In the late '70s and early '80s my goal had been to build a 1920s era free-lance Oregon short line. So I have some equipment for that era. But earlier eras keep (kept) drawing me. My next goal was to build a layout that moved chronologically as the years went by, similar to the Utah Belt. Only, mine was to be from my free-lance prototype's inception, say about 1870. So my model railroad would advance 1 year every year, remaining 120 years behind - this was around 1990.

I never actually started the layout, and I learned that there is a huge difference between 1870 and 1900 in rolling stock, and that there is almost nothing available for the 1870 era.
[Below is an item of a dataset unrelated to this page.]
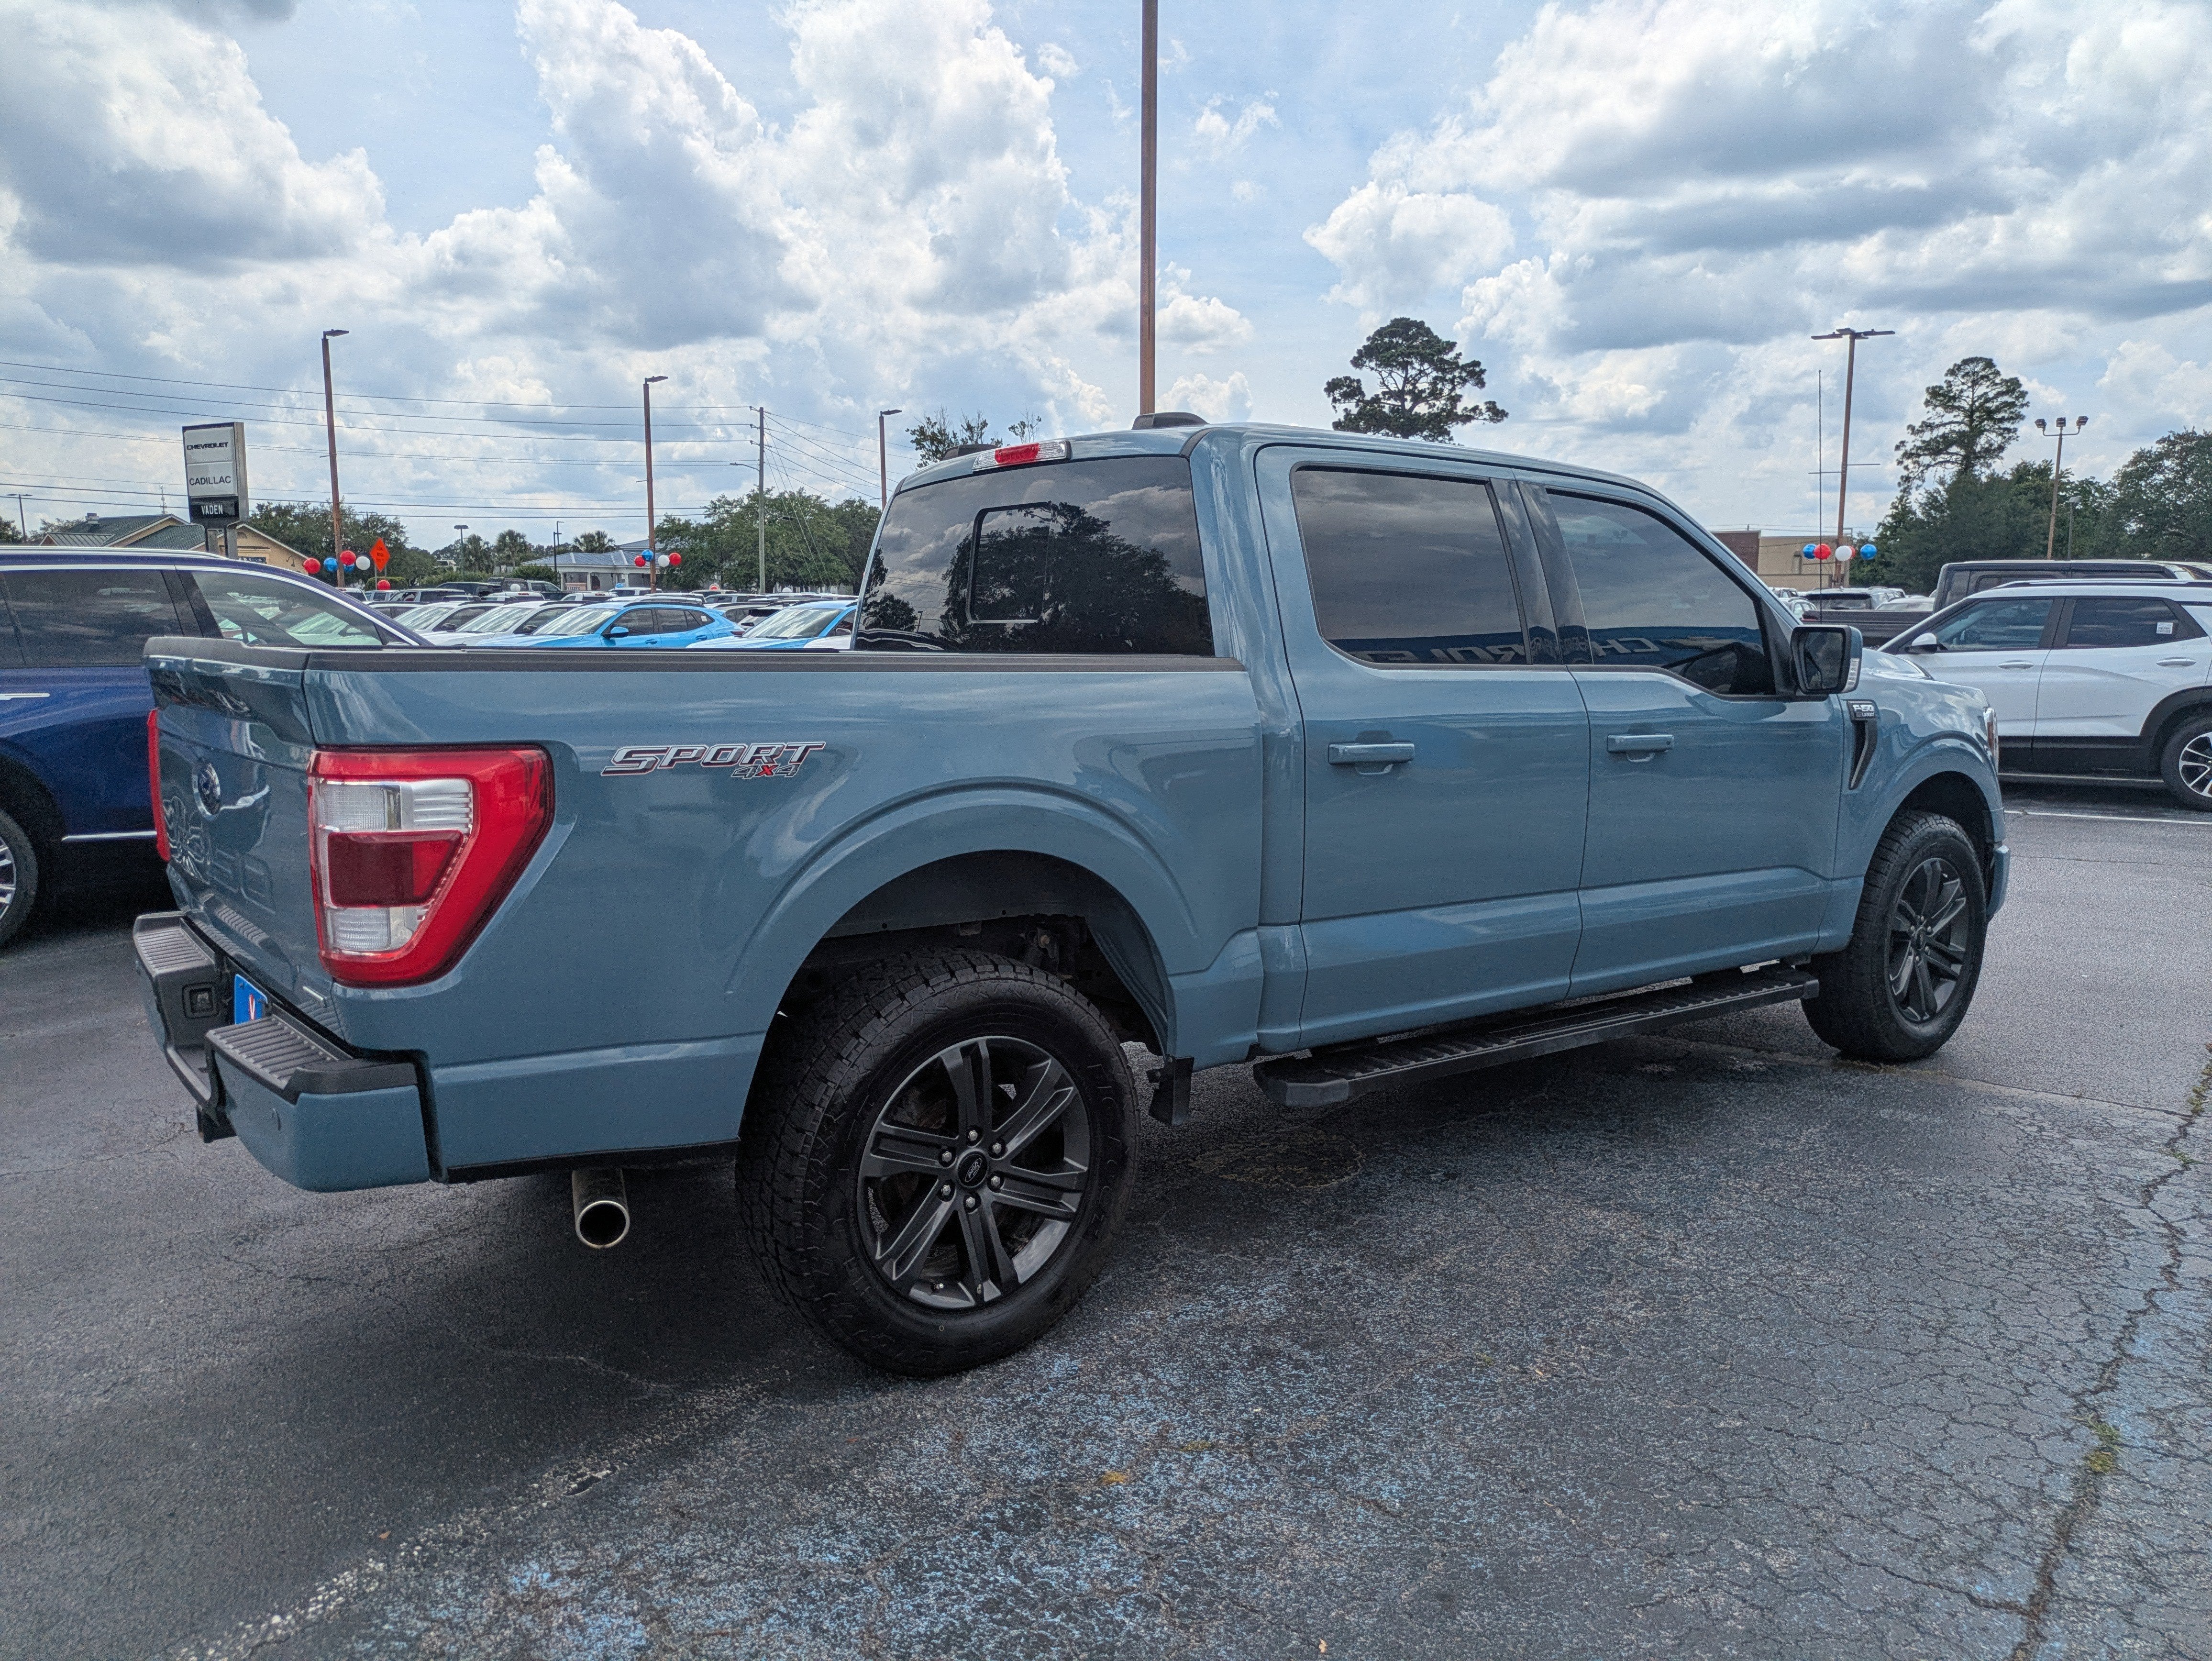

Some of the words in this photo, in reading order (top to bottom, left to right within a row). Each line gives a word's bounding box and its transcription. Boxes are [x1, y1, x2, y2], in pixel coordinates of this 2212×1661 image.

The Mantua General is about the only close-to-scale non-brass 1870 locomotive. Almost any new older era locomotives in HO are detailed and manufactured to appear as they did in later years - '20s or '30s usually - because it's a larger market. The Roundhouse and Labelle (and others) early era car kits usually scale out to or actually match turn-of-century equipment much better than 1870.

Given that I am now in my '50s, and my modeling years will probably not stretch another 50 or 60 years, I have decided to focus on turn-of -the century (no later than 1901), just prior to the standard-gauging of my free-lance narrow gauge. By keeping the scope of the layout quite small, I will be able to kitbash and obtain what I need the same way other minority groups do (S, Sn3, On3, HOn3). Unfortunately, early HOn3 is not catered to either. But there is decidedly more for turn of the century than 1870 in both HO standard and narrow gauge.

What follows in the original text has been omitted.